Plateformes : le gouvernement institutionnalise le travail dissimulé !

Malgré plusieurs décisions de justice depuis 2016 qui vont toutes dans le sens de la reconnaissance du statut de salarié pour les travailleur.euses des plateformes, le gouvernement français s’obstine à refuser de reconnaitre l’évidence : le statut de travailleur indépendant est un statut fictif et son maintien ne vise qu’à fragiliser un peu plus le salariat en s’attaquant aux plus précaires d’entre nous.
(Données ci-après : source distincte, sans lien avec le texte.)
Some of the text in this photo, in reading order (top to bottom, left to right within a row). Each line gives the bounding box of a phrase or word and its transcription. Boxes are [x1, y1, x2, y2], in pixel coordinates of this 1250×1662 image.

En effet, dans deux arrêts “Take Eat Easy” du 28 novembre 2018, et “Uber” du 4 mars 2020, la Cour de Cassation, en partant de la définition de la relation salariée, avait requalifié des contrats commerciaux de livreurs et chauffeurs en contrats de travail, selon la théorie des « faux indépendants » ouvrant la voie à une possible régularisation globale dans le secteur!
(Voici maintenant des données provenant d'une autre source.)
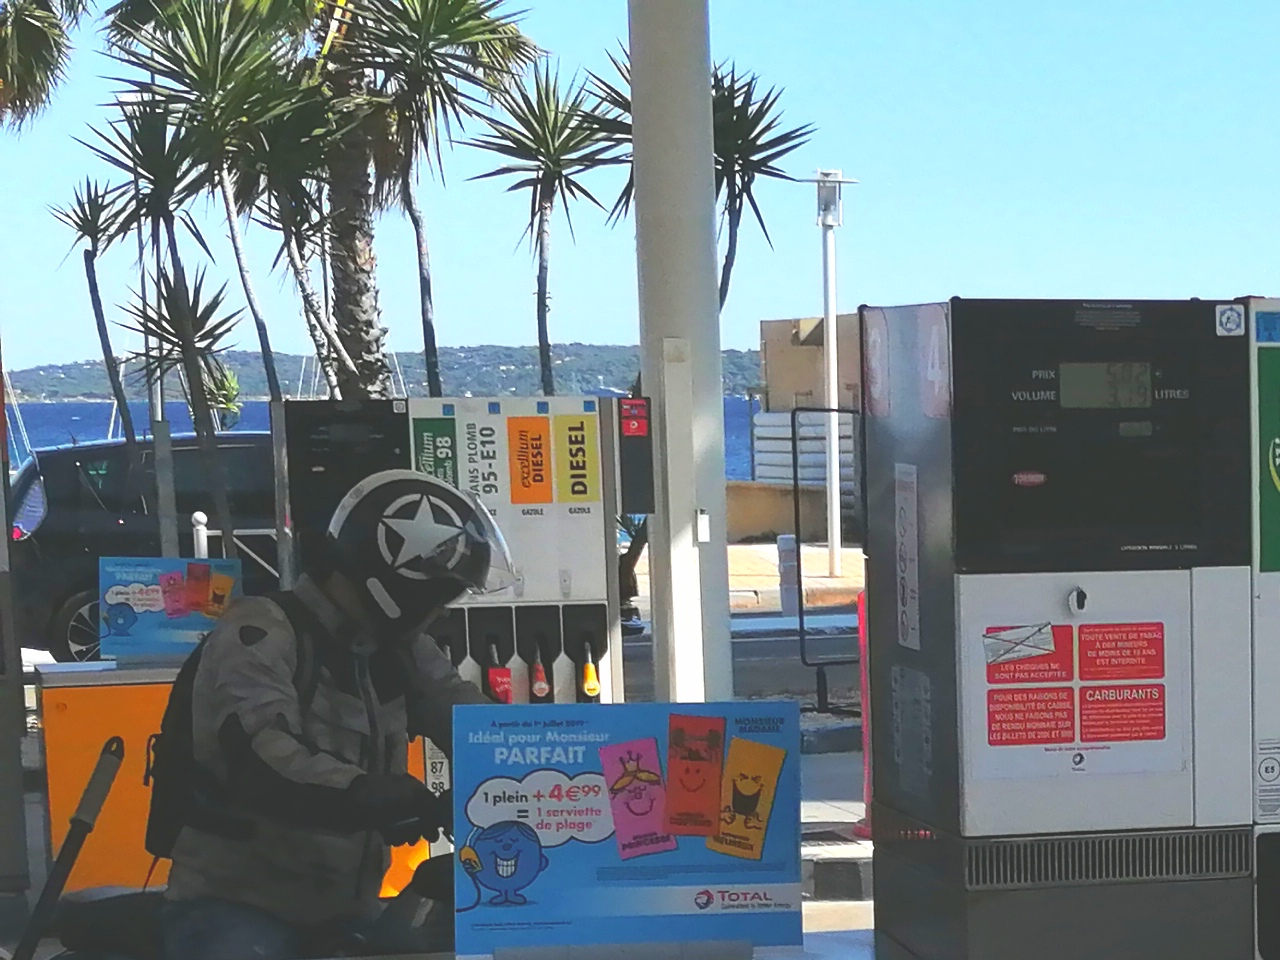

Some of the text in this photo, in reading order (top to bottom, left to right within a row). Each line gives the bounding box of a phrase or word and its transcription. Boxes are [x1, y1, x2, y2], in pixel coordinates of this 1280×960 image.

[1032, 370, 1055, 379] PRIX
[1011, 390, 1057, 401] VOLUME
[1155, 389, 1190, 399] LITRES
[436, 437, 452, 458] 98
[466, 423, 478, 464] PLOMB
[480, 426, 498, 495] 95-E10
[516, 430, 531, 488] excellium
[530, 434, 544, 483] DIESEL
[568, 421, 588, 496] DIESEL
[1086, 688, 1159, 702] CARBURANTS
[468, 730, 609, 746] Idéal pour Monsieur
[494, 745, 586, 765] PARFAIT
[430, 761, 444, 774] 87
[1264, 766, 1275, 774] E5
[483, 792, 489, 803] 1
[492, 790, 528, 806] plein
[546, 806, 602, 817] serviette
[536, 819, 593, 833] de plage
[717, 890, 773, 902] TOTAL
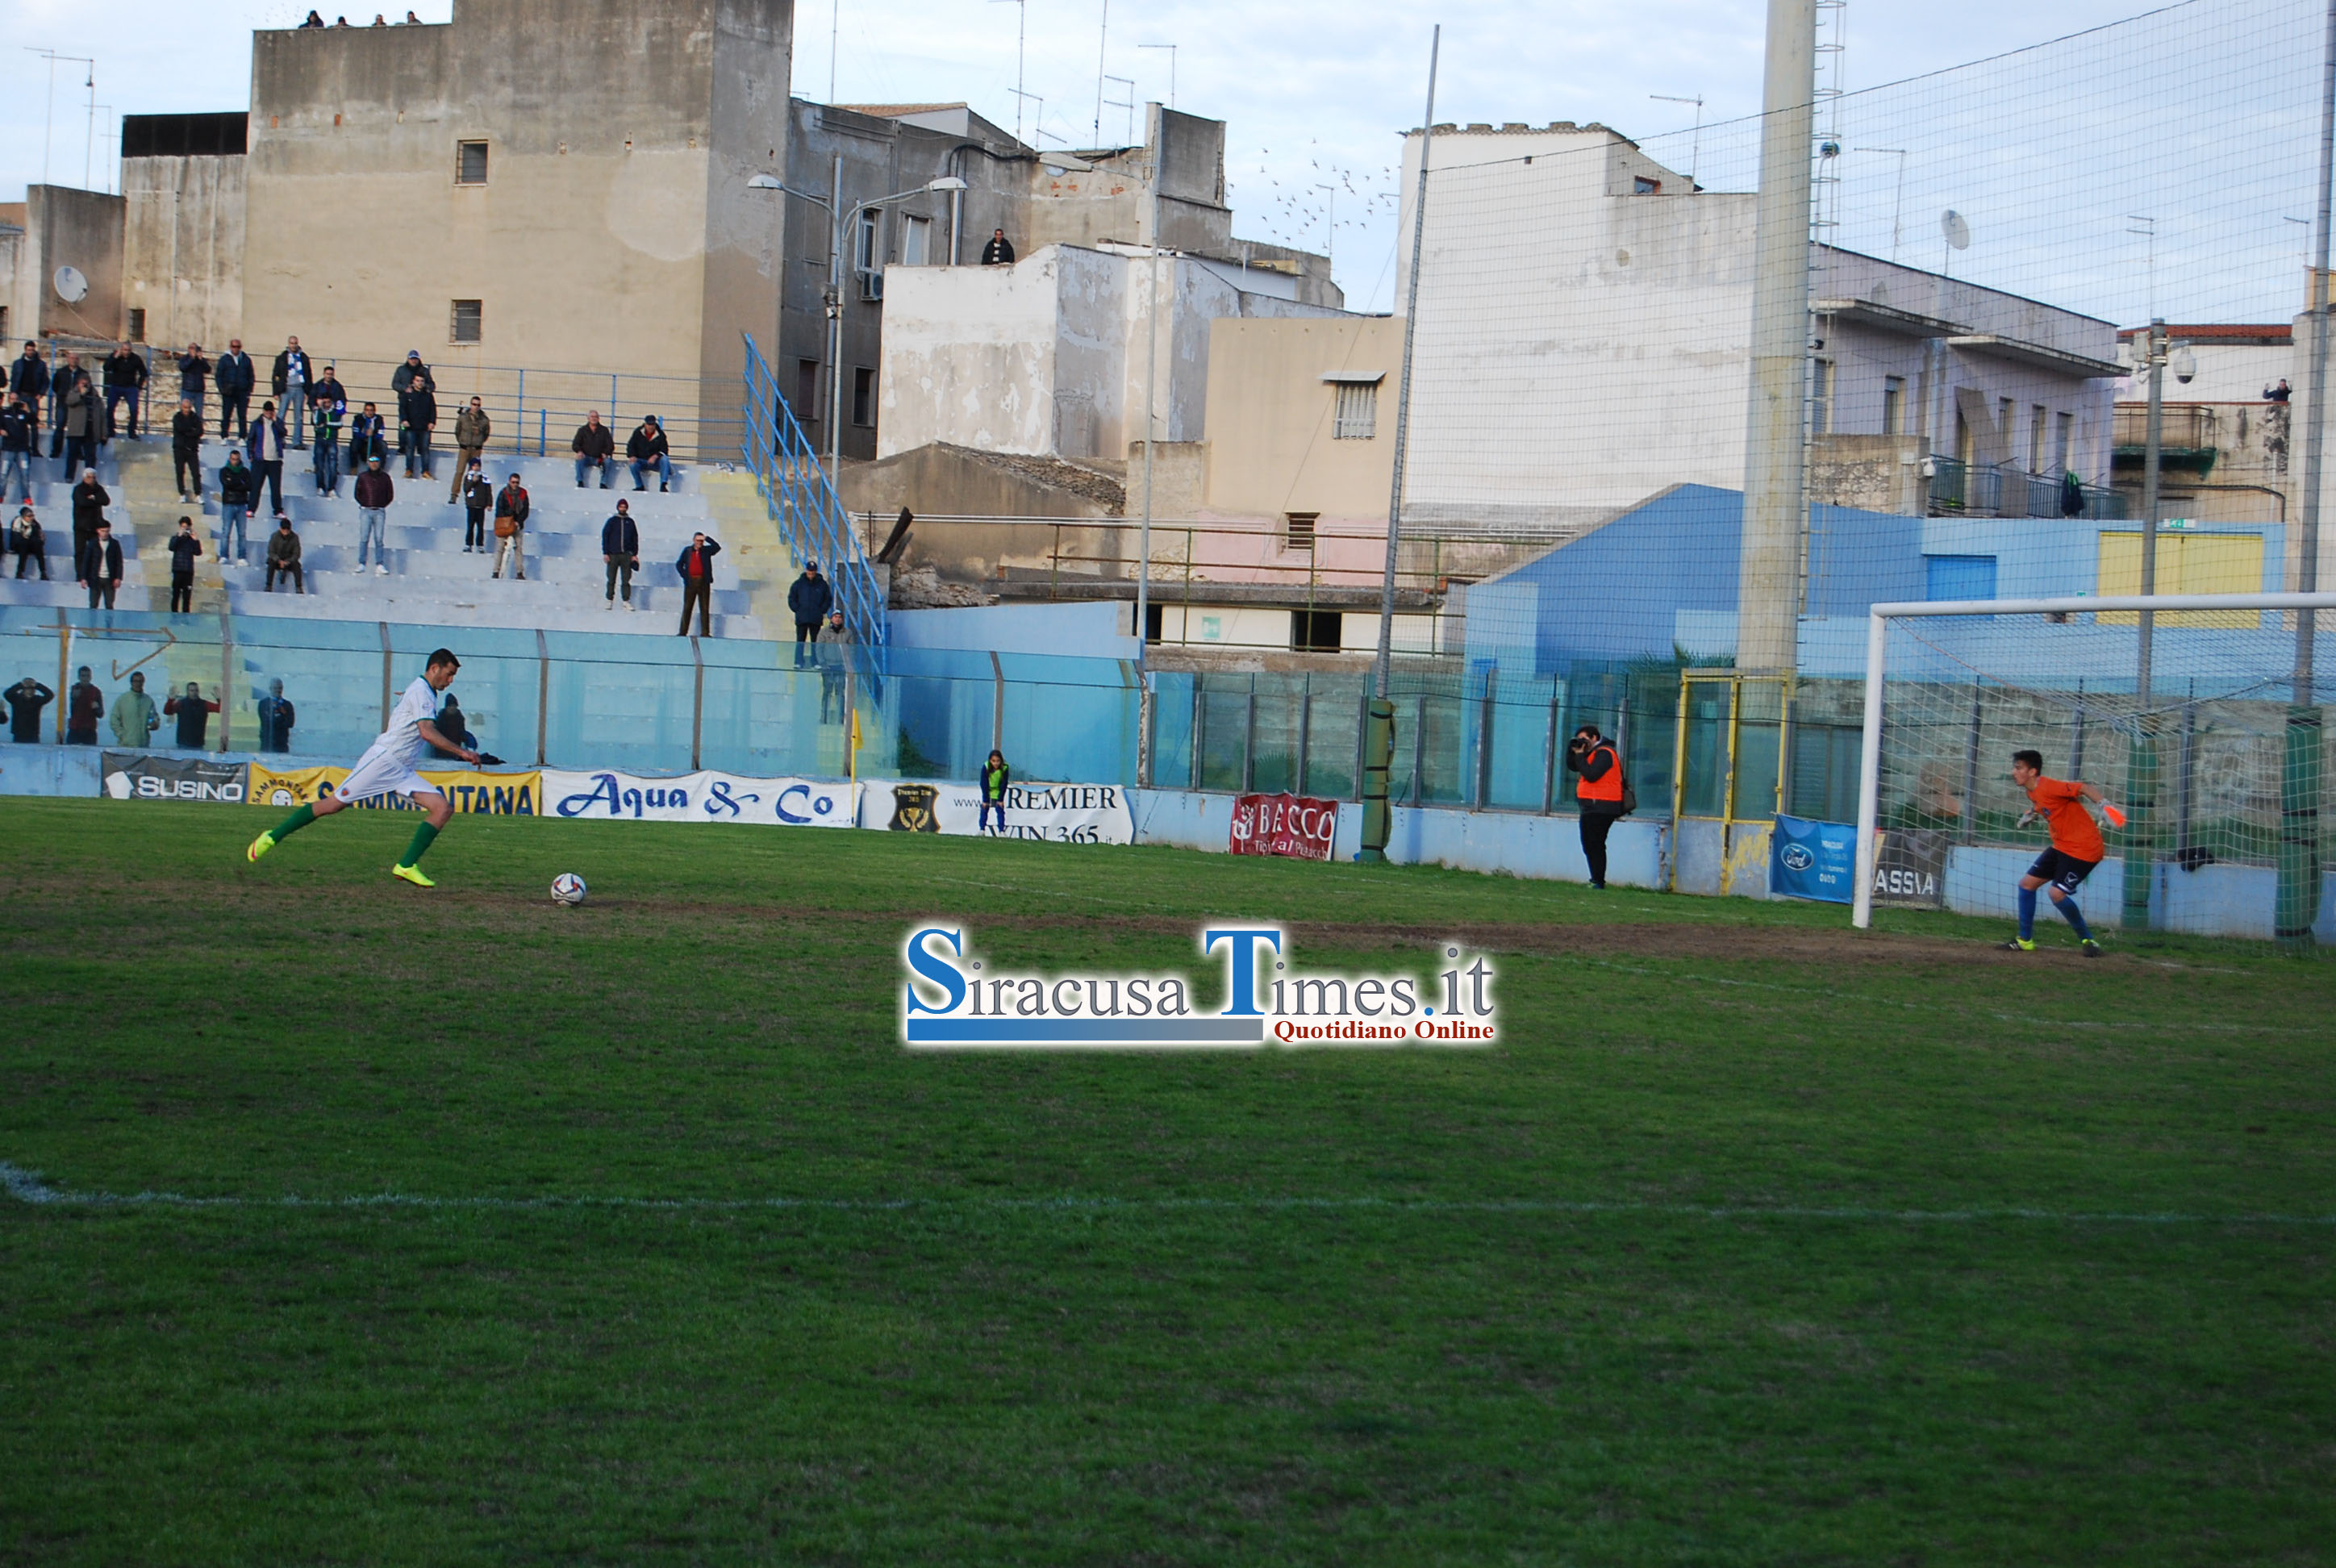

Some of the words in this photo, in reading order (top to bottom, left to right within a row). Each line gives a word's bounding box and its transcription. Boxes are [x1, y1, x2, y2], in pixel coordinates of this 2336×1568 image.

[138, 776, 243, 801] SUSINO
[557, 774, 688, 818] Aqua
[704, 782, 760, 817] &
[775, 784, 833, 824] Co
[1007, 787, 1117, 810] REMIER
[1259, 803, 1334, 840] BACCO
Le jugement du tribunal correctionnel de Paris sur DELIVEROO intervenu le 19 avril 2022 est la suite logique de ces arrêts: lorsque l’on constate de multiples situations de liens de subordination, on peut considérer que la société a eu l’intention de « dissimuler des salariés » pour éviter l’application des règles du Code du travail et de la sécurité sociale! C’est ce qui a été retenu en l’espèce, suite notamment à une enquête de l’Inspection du travail, en considération de la tarification à l’heure, du port de la marque sur les tenues, du pouvoir de direction sur les zones à livrer, du pouvoir de surveillance et de contrôle des durées de travail et des prestations, des primes sur performance et des sanctions sur les horaires de travail attribués etc… Une amende de 370 000€ (maximum) a été prononcée et deux dirigeants ont été condamnés à 12 mois de prison avec sursis. L’URSSAF a pu demander un redressement de 6 431 276€ et les salariés ont pu être dédommagés. « Le tribunal observe que la question n’est pas celle de savoir si le statut de travailleur indépendant est, ou pas, un statut juridique satisfaisant, mais de constater qu’en l’espèce il s’est agi pour Deliveroo d’un habillage juridique fictif ne correspondant pas à la réalité de l’exercice professionnel des livreurs », a expliqué la présidente du tribunal en rendant sa décision.

 Mais notre ministère se garde bien de communiquer sur le sujet car il n’a eu de cesse, depuis l’essor de ces activités, de tout faire pour éviter les requalifications des contrats de travail en vue  de protéger les délinquants en col blanc, brisant tous les efforts accomplis par l’administration et la justice pour faire reconnaître des situations de salariat déguisés.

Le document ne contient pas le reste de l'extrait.